[Images for object localization]
-----

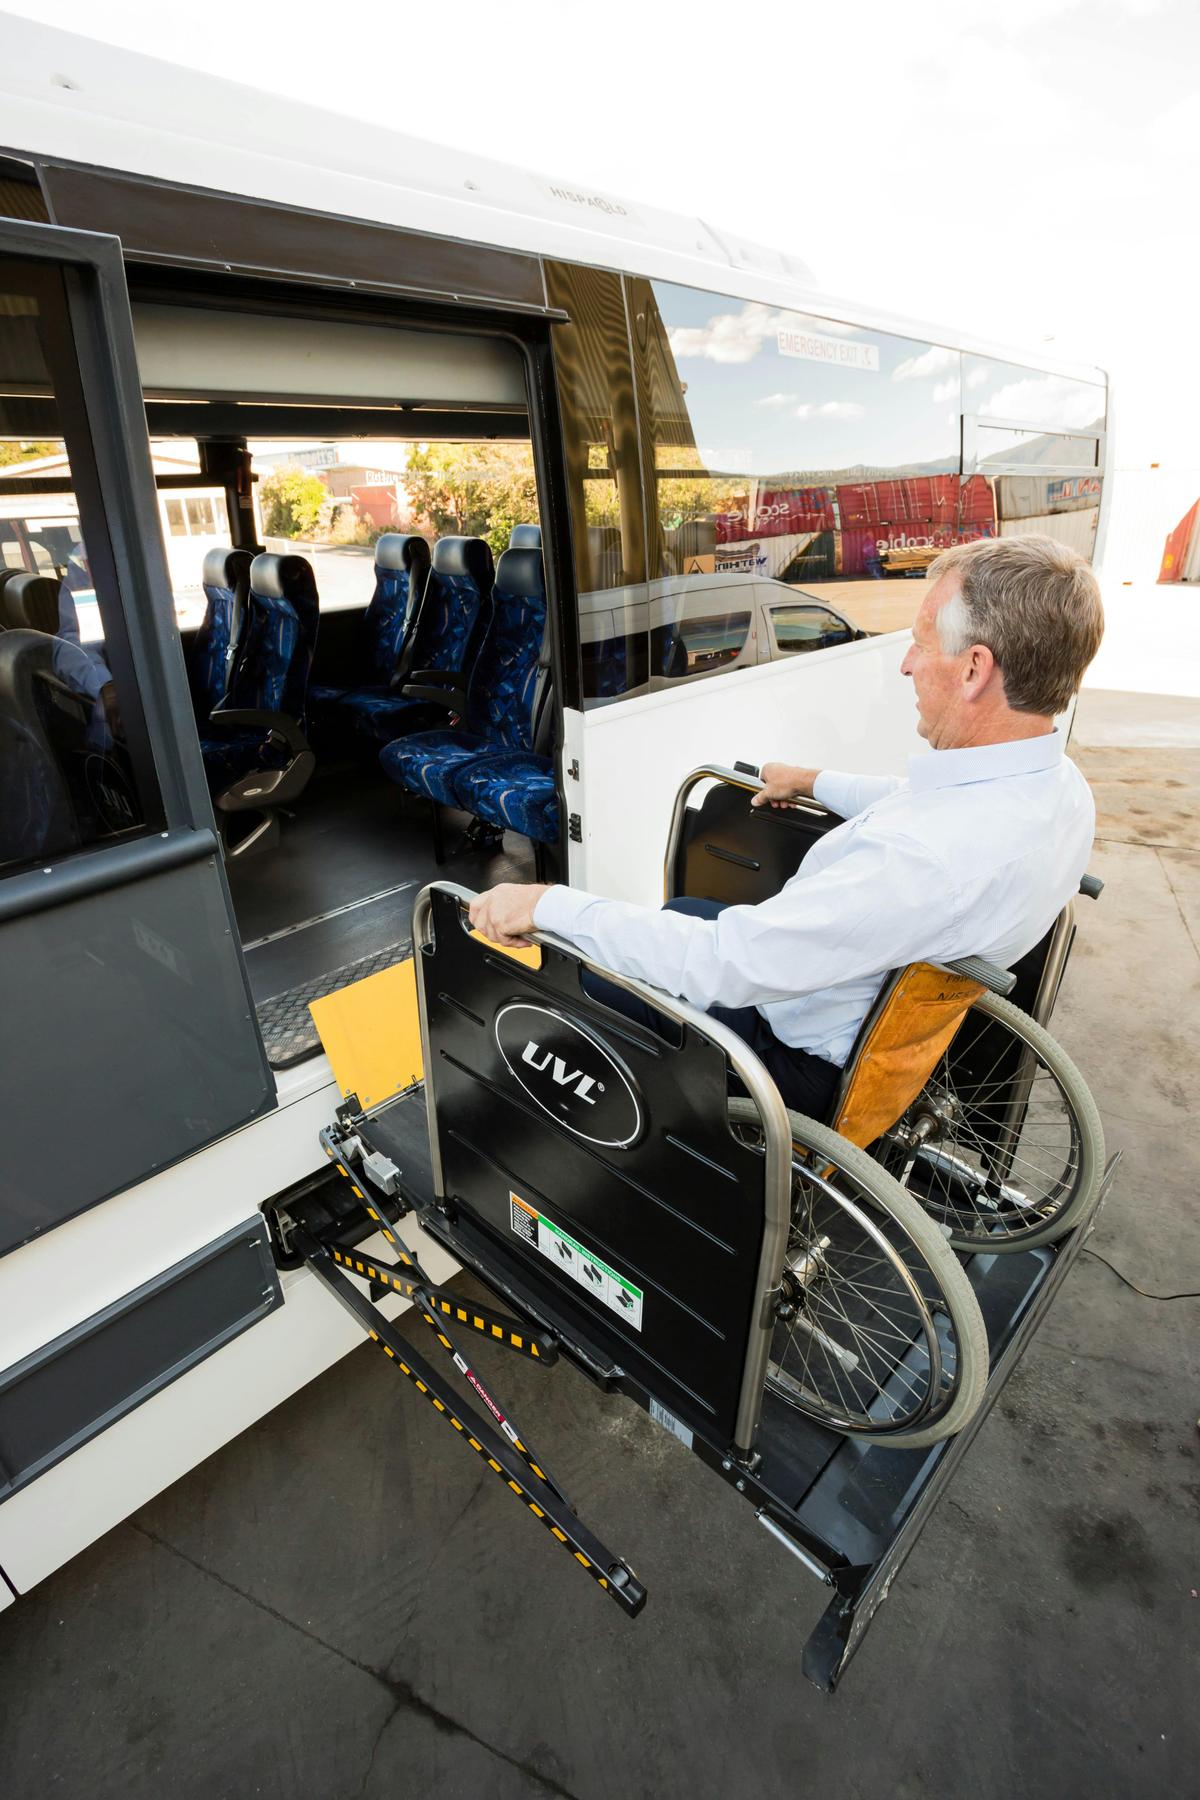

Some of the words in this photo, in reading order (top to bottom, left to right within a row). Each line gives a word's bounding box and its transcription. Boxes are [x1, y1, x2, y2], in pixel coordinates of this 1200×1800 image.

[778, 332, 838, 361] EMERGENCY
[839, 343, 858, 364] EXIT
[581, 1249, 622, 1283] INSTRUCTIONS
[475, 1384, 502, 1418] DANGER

-----

● Work item: Please retype the whole of the data precisely, omitting pictures.

● Solution for this task:
Some of the words in this photo, in reading order (top to bottom, left to right within a row). Each line gives a word's bounding box and its transcription. Boxes are [x1, y1, x2, y2], in pixel coordinates of this 1200×1800 image.

[778, 332, 838, 361] EMERGENCY
[839, 343, 858, 364] EXIT
[581, 1249, 622, 1283] INSTRUCTIONS
[475, 1384, 502, 1418] DANGER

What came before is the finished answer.